The Grass Harp


In the film "The Grass Harp" The developing relationship between two sisters shows the emotional change each goes through . In this, the filmaker passes on the message that love has the power to change and influence people.Verena Talbo starts as a hard, severe and controlling women and Dolly Talbo, a beautiful, shy and radiant spirited presence. But gradually, as their relationship progresses, and they fear losing one another, each learns to change to make a more fulfilling relationship. Verena learns to love and be more equal in a relationship, and Dolly learns to make her own descisions and give out her affection.
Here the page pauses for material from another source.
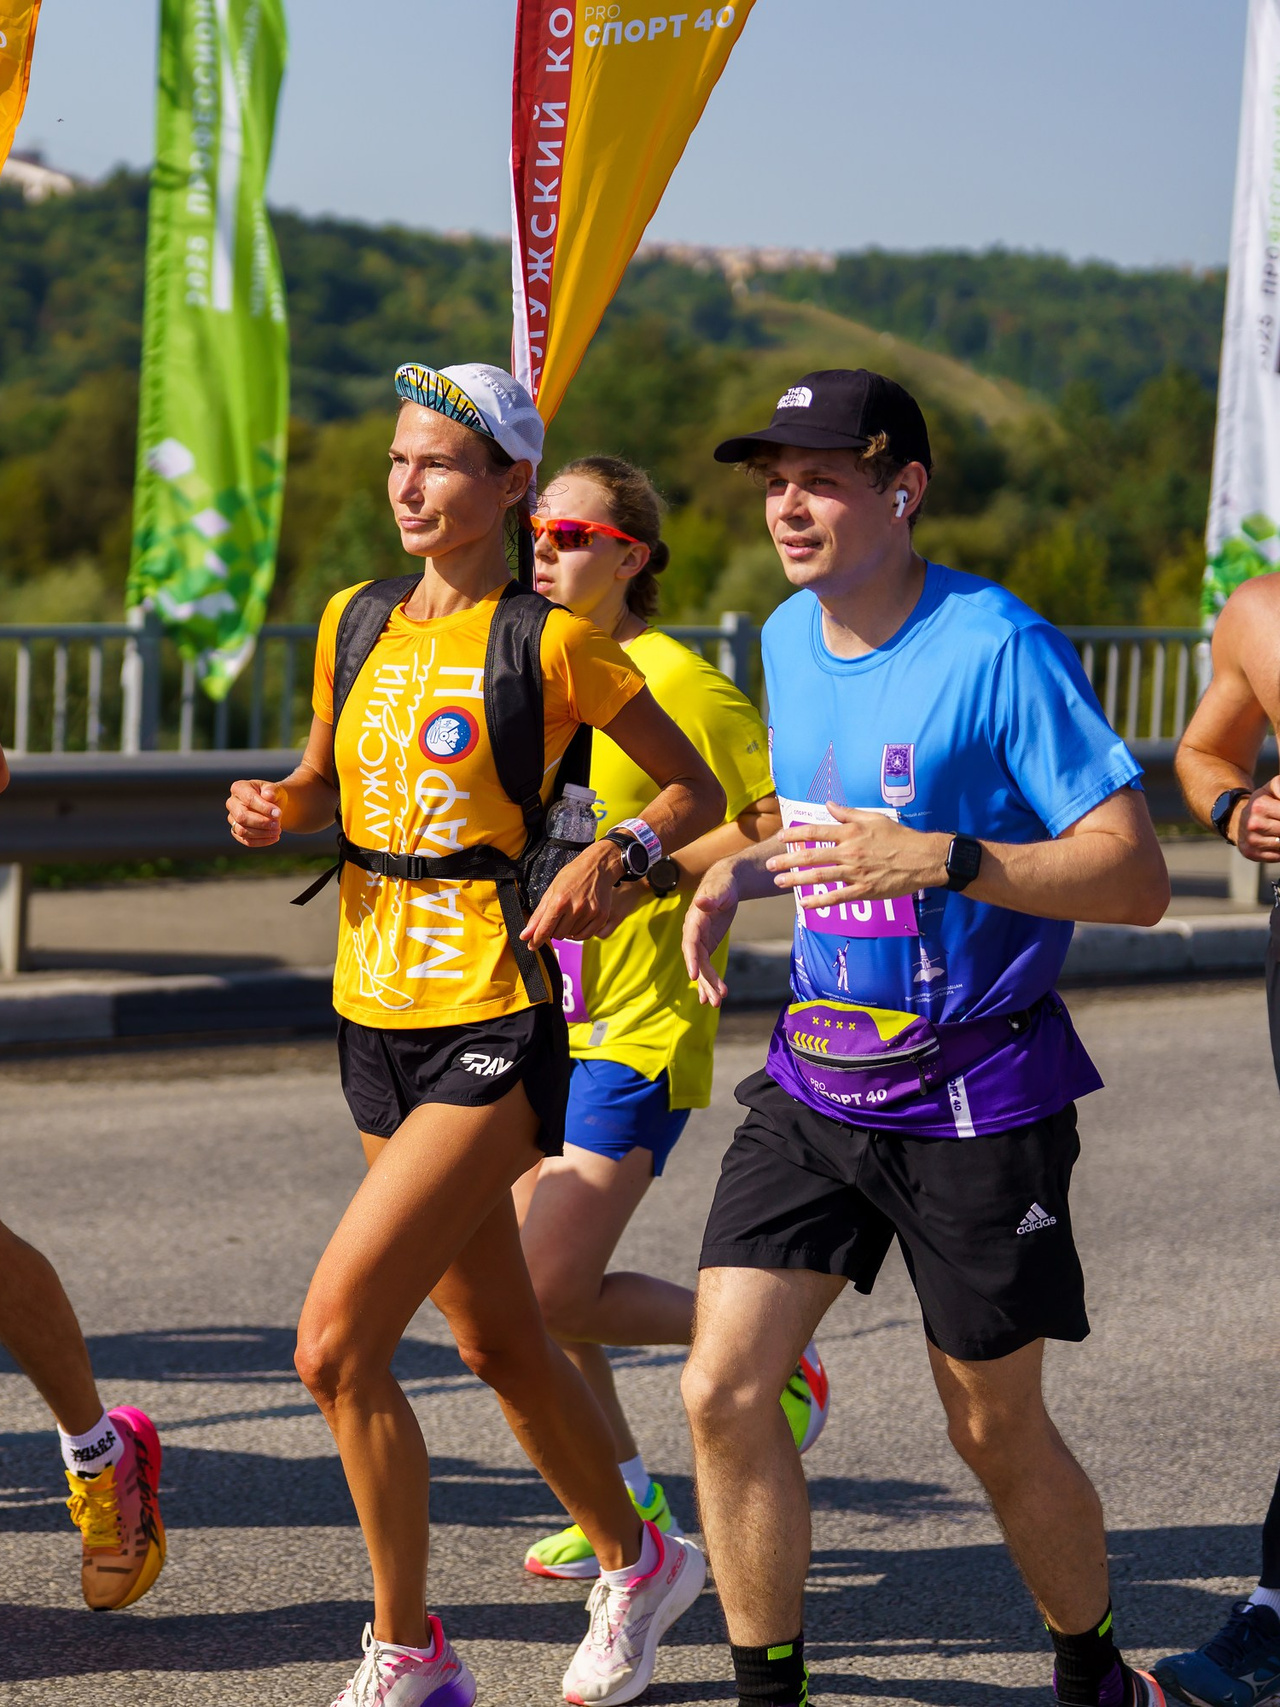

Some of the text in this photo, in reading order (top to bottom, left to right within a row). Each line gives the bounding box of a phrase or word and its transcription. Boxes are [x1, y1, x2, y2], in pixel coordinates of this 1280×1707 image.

From the very beginning of the film, Verena is very controlling. She automatically takes charge of Collin, her nephew whose mother just died. Her controlling ways are shown when she sternly tells Collin's father, Eugene, " I'll expect him this afternoon!" The filmmaker uses dark clothes, hard wavy hair and a heavy stamp to highlight Verena's character. She maintains an outwards appearance of control and decency. Further more, Verena's house is designed to convey her power and authority over the other characters. The wall paper is a vertical stripe to convey a prison like feeling and the colours are green and gold, the colour of money. As Collin puts it in the film, " She was the richest person in town... and it did not make her an easy woman." Being the richest person, she has considerable power over the other characters in the small township, one being the sherrif, as shown when she instigates the party to bring Dolly home, and to stop the revival meeting. Even the road she lives on is named after her- Talbo Lane. Verena is extremely domaineering over the people that live in her house, especially her sister. " Put on that new pink dress I bought you.... and hold your head up. It makes me dizzy to watch you...... and do something with that mop of hair." Verena treats her sister like an incapable child, and makes all the descisions for her.
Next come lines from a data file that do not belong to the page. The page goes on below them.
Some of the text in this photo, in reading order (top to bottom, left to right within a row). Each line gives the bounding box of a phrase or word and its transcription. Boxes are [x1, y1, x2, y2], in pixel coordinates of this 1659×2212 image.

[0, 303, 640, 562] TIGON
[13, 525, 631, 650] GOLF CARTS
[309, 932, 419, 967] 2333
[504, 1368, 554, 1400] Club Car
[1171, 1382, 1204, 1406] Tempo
Dolly is Verena's oppisite. Dolly is romantic where Verena is all business, and shy where Verena is a hard charger. The filmaker also uses clothes and mannerisms to highlight Dolly's character. She wears loose, flowing pink dresses and acceseries and a veil, which she uses as a barrier to the outside world, or when she has to talk to someone, as she has no confidence. She also has a breezy walk. Dolly's kitchen, pink with lots of open space, contrasts with the rest of Verena's house. Dolly is nearly totally dependant on Verena. Catherine, the housekeeper, and dolly's best friend has alot to say about the way Verena acts towards Dolly. " That one! Always...do this, don't do that, stop this!" Dolly is trapped in a prison of conforinty.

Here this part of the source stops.